### Record set
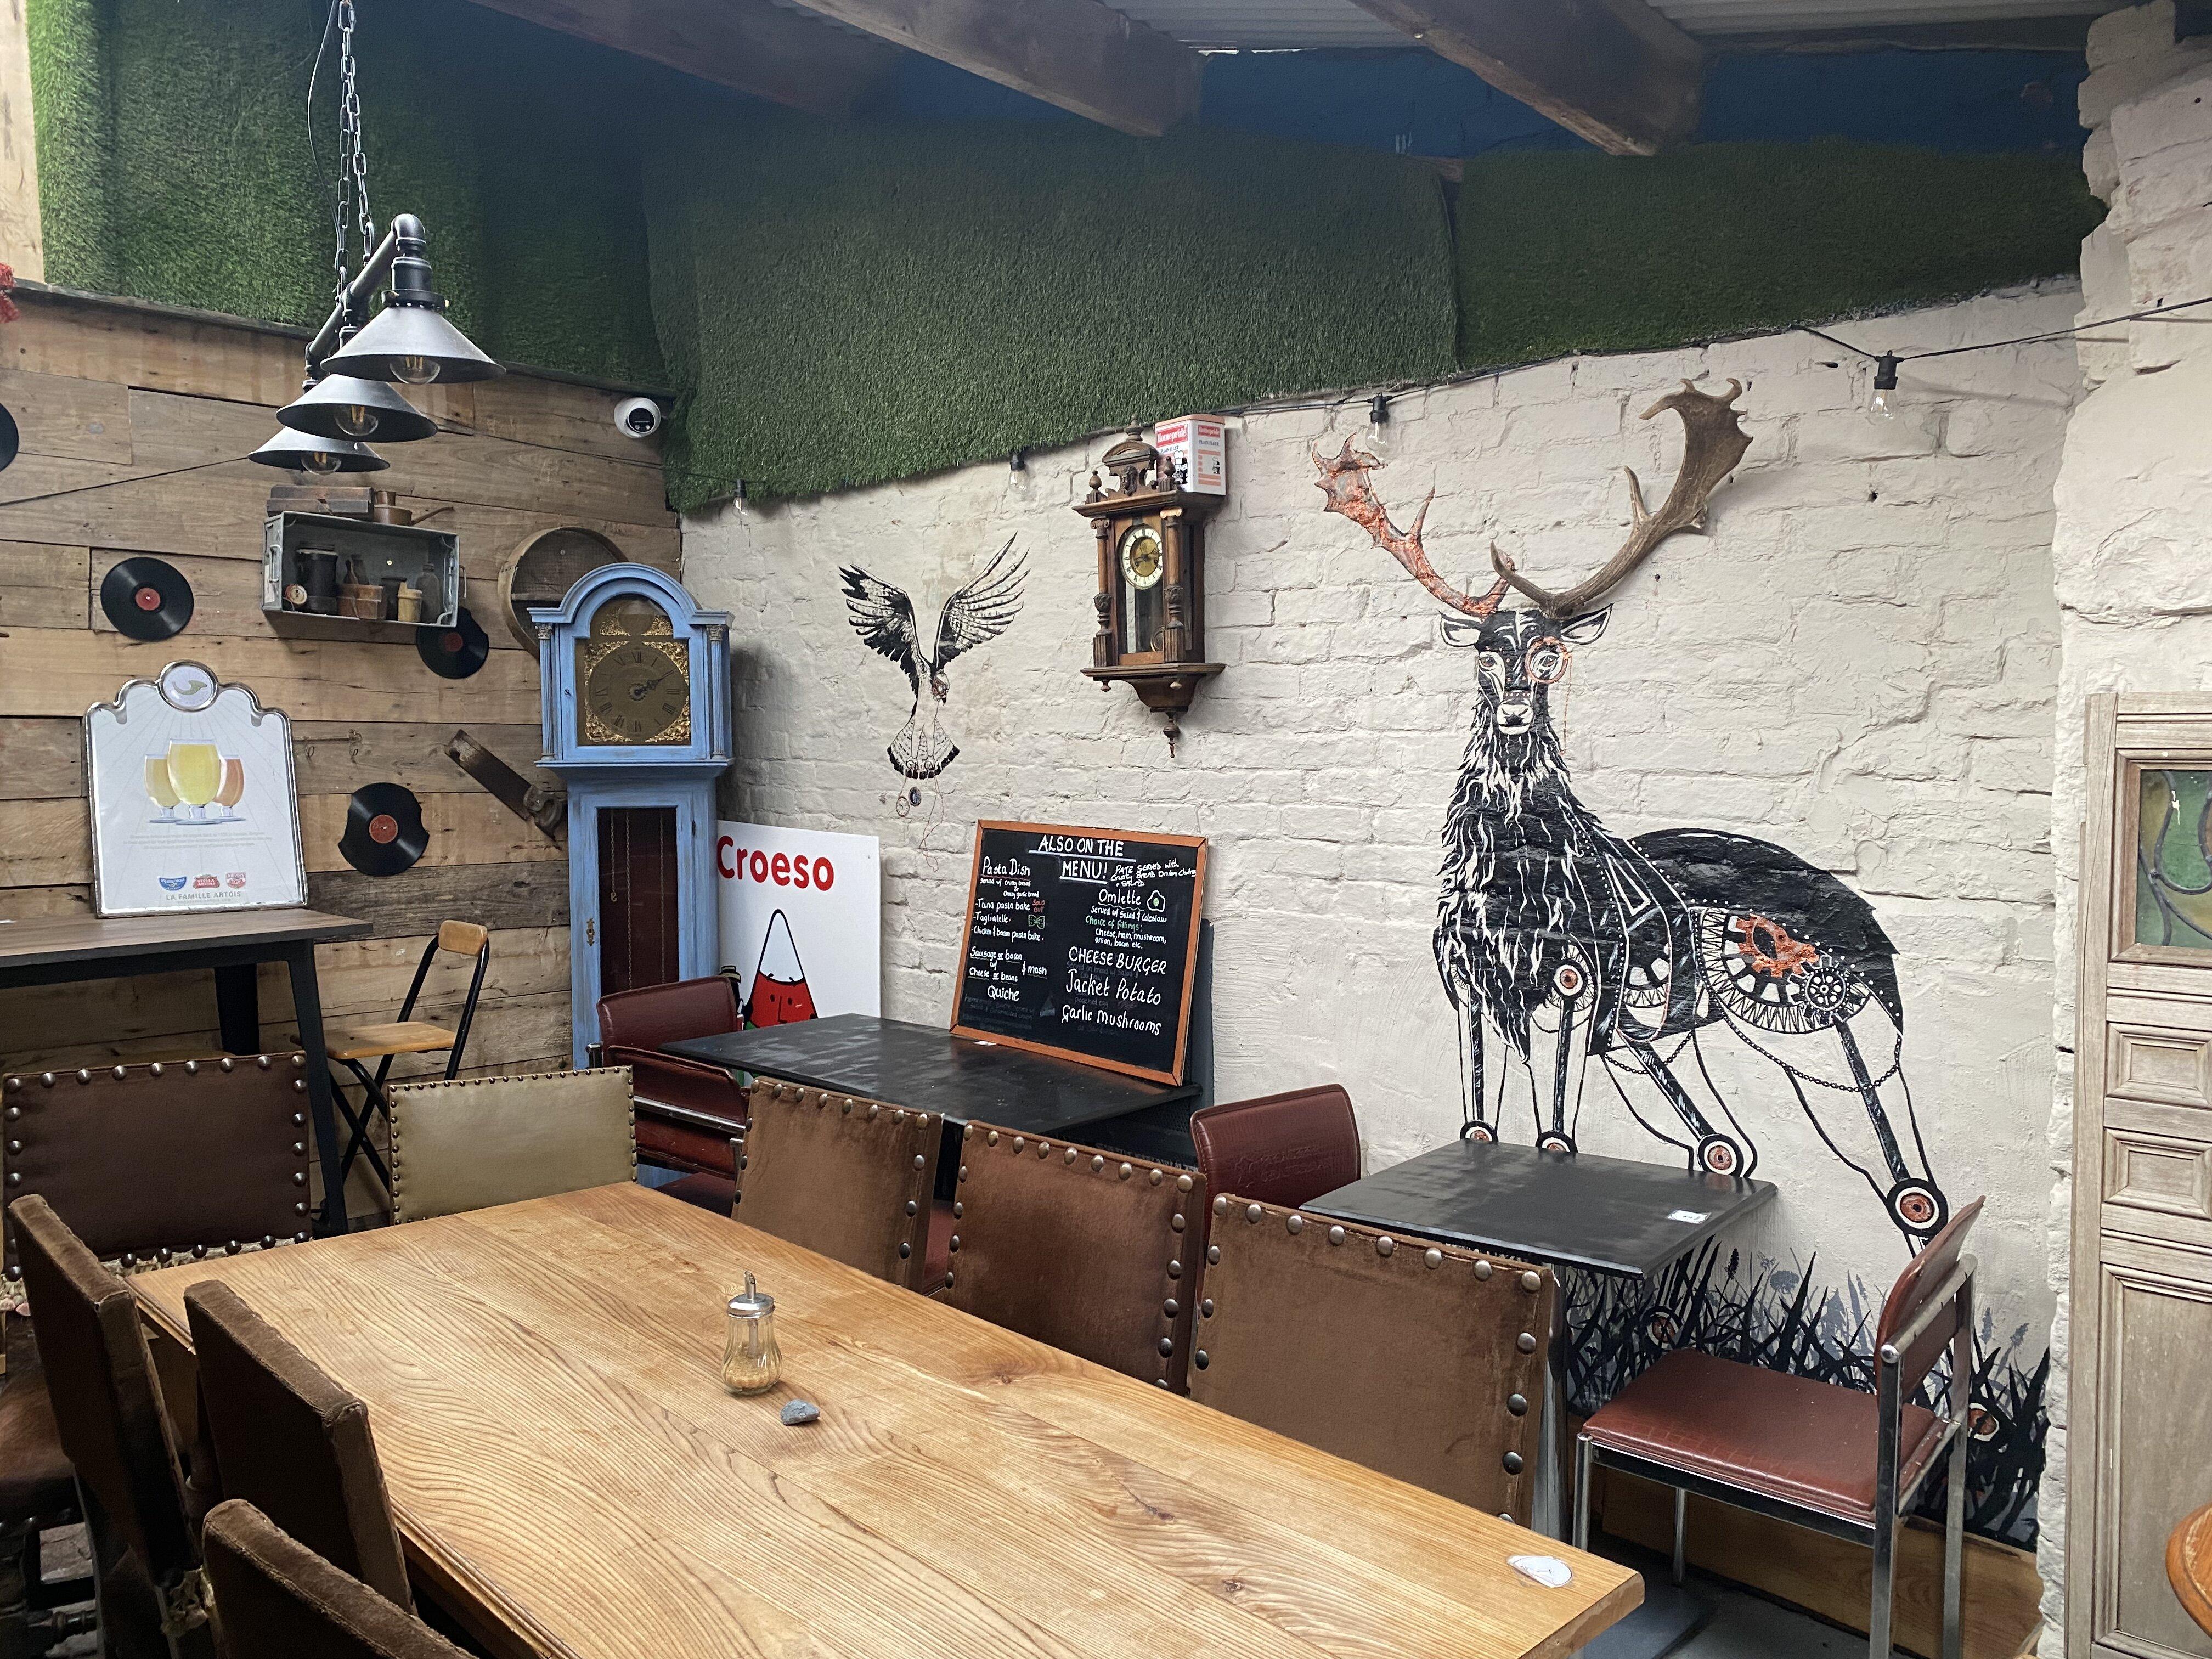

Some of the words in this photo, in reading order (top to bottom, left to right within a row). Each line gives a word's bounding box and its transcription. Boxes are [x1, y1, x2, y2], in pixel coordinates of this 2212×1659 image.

[1157, 427, 1187, 443] Homepride
[1038, 834, 1074, 853] ALSO
[1077, 838, 1093, 853] ON
[1097, 839, 1124, 857] THE
[716, 836, 834, 891] Croeso
[982, 856, 1007, 875] Pasta
[1009, 857, 1030, 877] Dish
[1062, 860, 1108, 879] MENU!
[1098, 888, 1142, 906] Omlette
[996, 901, 1014, 913] pasta
[1015, 901, 1031, 911] bake
[1090, 905, 1110, 915] Served
[1085, 915, 1106, 926] Choice
[1108, 919, 1115, 930] of
[996, 927, 1011, 937] bacon
[1012, 931, 1027, 943] pasta
[1114, 935, 1130, 947] bacon
[1117, 930, 1133, 941] ham,
[1133, 933, 1166, 944] mushroom,
[970, 946, 997, 961] Sausage
[1005, 949, 1023, 961] bacon
[1068, 946, 1114, 966] CHEESE
[1115, 952, 1167, 976] BURGER
[1001, 971, 1018, 983] beans
[1028, 965, 1047, 976] mash
[987, 985, 1019, 1002] Quiche
[1065, 968, 1110, 997] Jacket
[1115, 978, 1161, 1005] Potato
[1061, 1005, 1092, 1024] Garlic

### Task
Return every entry above exactly as written, with no pictures included.

### Written reply
Some of the words in this photo, in reading order (top to bottom, left to right within a row). Each line gives a word's bounding box and its transcription. Boxes are [x1, y1, x2, y2], in pixel coordinates of this 2212×1659 image.

[1157, 427, 1187, 443] Homepride
[1038, 834, 1074, 853] ALSO
[1077, 838, 1093, 853] ON
[1097, 839, 1124, 857] THE
[716, 836, 834, 891] Croeso
[982, 856, 1007, 875] Pasta
[1009, 857, 1030, 877] Dish
[1062, 860, 1108, 879] MENU!
[1098, 888, 1142, 906] Omlette
[996, 901, 1014, 913] pasta
[1015, 901, 1031, 911] bake
[1090, 905, 1110, 915] Served
[1085, 915, 1106, 926] Choice
[1108, 919, 1115, 930] of
[996, 927, 1011, 937] bacon
[1012, 931, 1027, 943] pasta
[1114, 935, 1130, 947] bacon
[1117, 930, 1133, 941] ham,
[1133, 933, 1166, 944] mushroom,
[970, 946, 997, 961] Sausage
[1005, 949, 1023, 961] bacon
[1068, 946, 1114, 966] CHEESE
[1115, 952, 1167, 976] BURGER
[1001, 971, 1018, 983] beans
[1028, 965, 1047, 976] mash
[987, 985, 1019, 1002] Quiche
[1065, 968, 1110, 997] Jacket
[1115, 978, 1161, 1005] Potato
[1061, 1005, 1092, 1024] Garlic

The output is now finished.